To study the impact of CEO recognition on firm performance, Tate and Malmendier gathered data on CEO awards given by prominent business magazines. "There are really two main sources," says Tate. "There was a magazine called Financial World that was doing CEO awards from the 'Seventies through the 'Nineties. That was a prominent set of awards. The other one that is still going and has become even more prominent is the BusinessWeek awards. They do a list of Top 25 CEOs every year. We collected these data back to 1992."

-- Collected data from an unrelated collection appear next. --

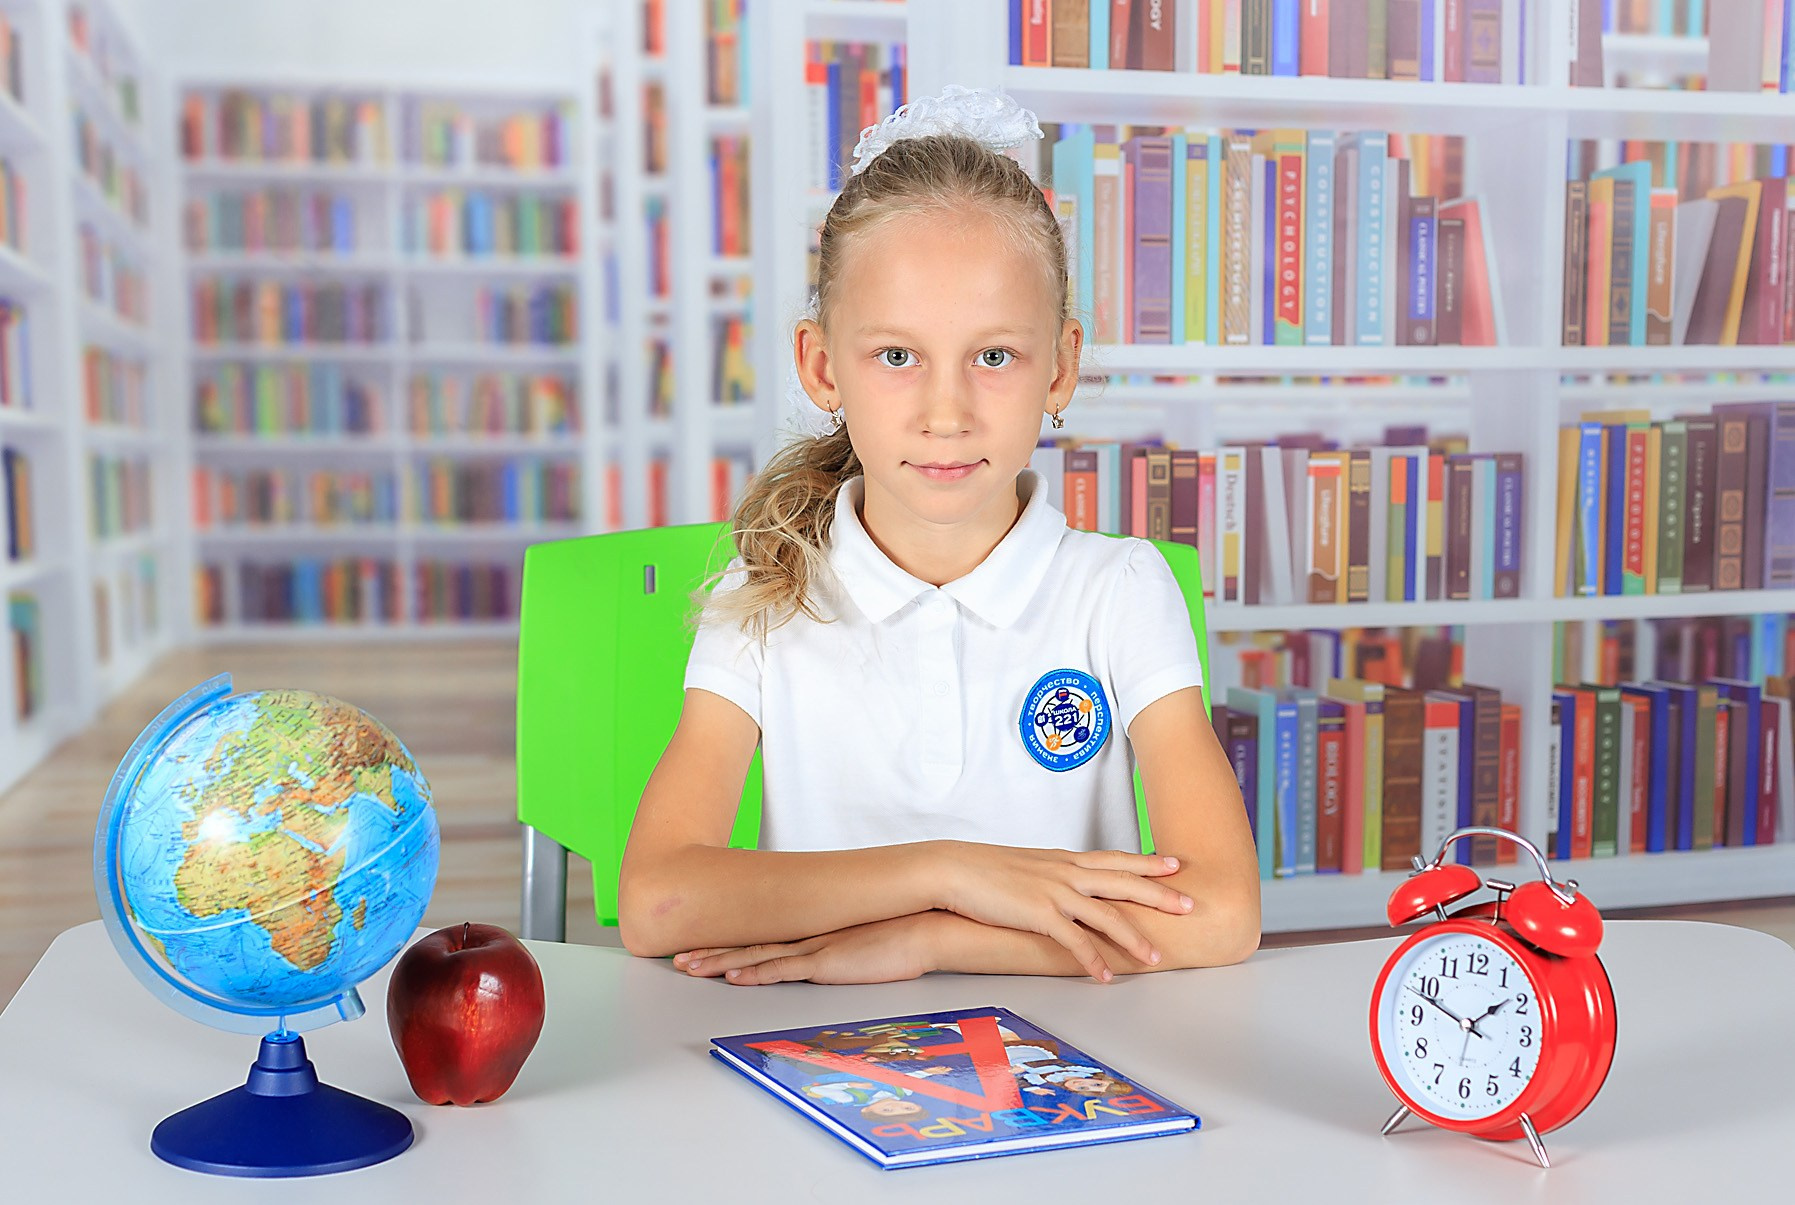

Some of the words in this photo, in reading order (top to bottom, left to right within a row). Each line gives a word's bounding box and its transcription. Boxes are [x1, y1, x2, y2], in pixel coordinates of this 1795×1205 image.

[1232, 177, 1246, 305] ARCHITECTURE
[1283, 170, 1297, 309] PSYCHOLOGY
[1315, 165, 1329, 322] CONSTRUCTION
[1368, 165, 1381, 322] CONSTRUCTION
[1226, 474, 1238, 530] Deutsch
[1630, 444, 1643, 563] PSYCHOLOGY
[1054, 712, 1078, 727] 221
[1436, 734, 1448, 843] STATISTIC
[1439, 956, 1459, 979] 11
[1466, 952, 1489, 976] 12
[1418, 975, 1440, 998] 10
[1498, 967, 1508, 988] 1
[1411, 1005, 1424, 1026] 9
[1516, 993, 1528, 1015] 2
[1415, 1037, 1428, 1059] 8
[1519, 1026, 1532, 1047] 3
[1433, 1063, 1444, 1085] 7
[1509, 1057, 1522, 1078] 4
[1458, 1077, 1471, 1099] 6
[1486, 1075, 1499, 1096] 5
[871, 1096, 1165, 1141] БУКВАРЬ

The data indicate that CEOs who win these awards tend to underperform afterward. Tate explains how they measured CEO performance. "The first thing you might think is let's look at how the CEO and his company were performing in stock returns prior to winning the award and let's compare it to how they perform over the one, two, three years after the award," he says. "But there's an obvious problem because, in order to win an award, you need to have unusually strong performance. So we might expect that if you have this unusually strong performance leading up to an award, you wouldn't match that performance after the award just because of reversion to the mean."

So Tate and Malmendier constructed a sample of CEOs that looked almost exactly like the award winning CEOs -- but who didn't actually win an award. "If we see a difference between the award winners and those matched CEOs after the award," Tate explains, "We can conclude that this is due to the CEOs doing something different than they were doing before ... Something that's not maximizing value. So we looked at the differences in stock returns between these groups and found a pretty large deterioration in performance among the award winners relative to the non-winners.

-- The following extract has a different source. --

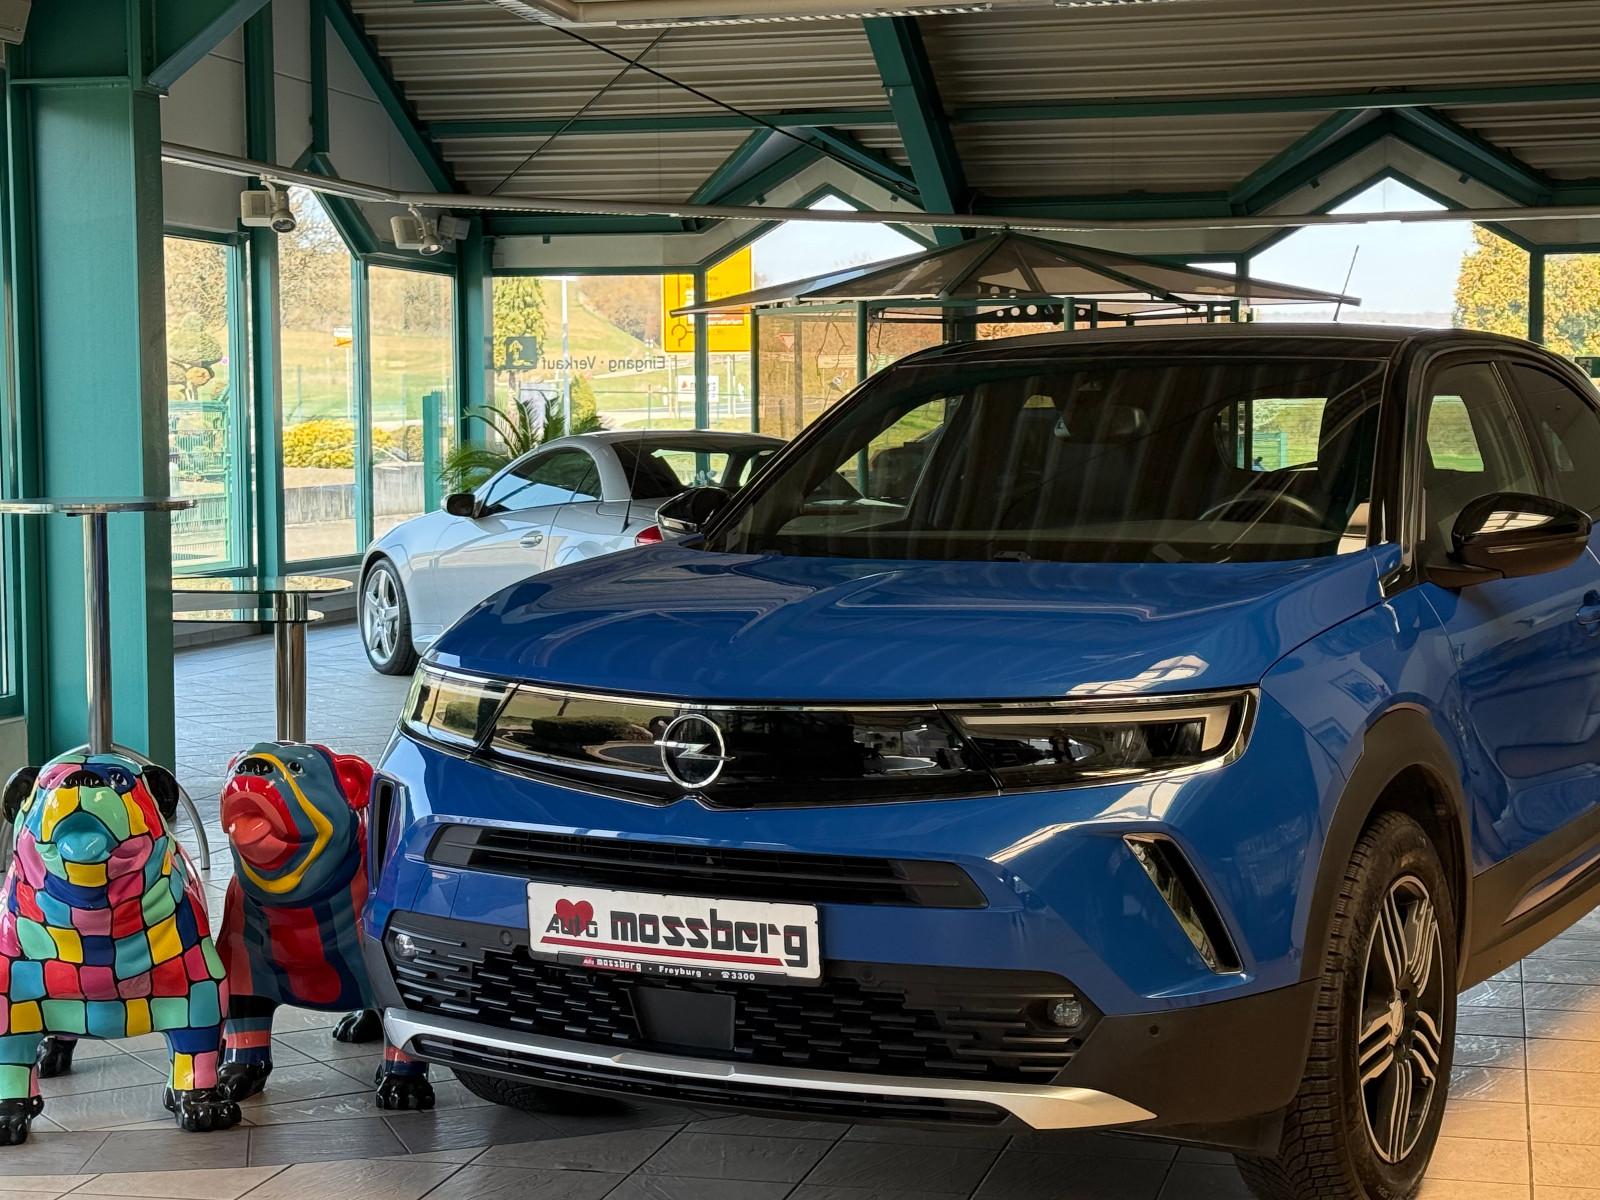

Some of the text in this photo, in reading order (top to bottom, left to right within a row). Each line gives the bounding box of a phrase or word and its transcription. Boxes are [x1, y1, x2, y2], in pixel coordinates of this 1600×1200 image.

"We also checked to see if we could find evidence of that same deterioration in operating performance, not just stock returns," he says. They looked at measures of performance such as return on assets. "This also showed weaker performance among the winning CEOs so it does seem like there is something real going on. It's not just something about how investors in the stock market perceive these CEOs. There really is something in terms of real value being generated inside the firm."

So what causes performance to decline among celebrity CEOs? Tate and Malmendier do not claim to exhaustively measure all the possible causes, but they raise some possibilities. "One thing we find is that the compensation of the CEO who wins the award gets a big jump. We also see that these CEOs start spending time writing books, sitting on company boards and doing other things that may distract attention from maximizing value. Then we also see some evidence of increasing earnings manipulation as the CEO attempts to maintain superstar performance for as long as possible.

"What's interesting with all these things, the increased compensation, the books, the board seats," he continues, "Is it seems to be going on in firms that don't have strong corporate governance mechanisms. So that may be supporting evidence that this behavior is not in the best interest of shareholders." But Tate also points out that CEOs were as likely to win a major award whether or not a firm had strong governance measures. "We see equal numbers of awards among the good and bad governance firms," he says. "But deterioration of performance is concentrated in the poorly governed firms."

Tate also suggests that a CEO may have less incentive to work hard after becoming a celebrity. "Once I have become a superstar," he says, "I may want to start spending time reaping the rewards of celebrity status. That's when it's important for a firm to have other governing mechanisms in place."

What was most surprising about the study? "Our usual baseline is that everything is rational and efficient," explains Tate. "So, if there is a decline in performance after a CEO wins an award, you might think it's just mean reversion. I think it's very significant that we find there is a real effect even after carefully controlling for the fact that we should expect performance to decline. We found that very surprising."

Will Tate build on this study? "We'll see. I think it's interesting to study more generally the impacts of the celebrity culture. It's certainly not constrained to just CEOs. One question is where did that come from? Why is it that the media devotes so much attention to creating celebrity CEOs? It seems to have negative consequences for firms. What is the supply and demand for that? Can we understand this market a little better?"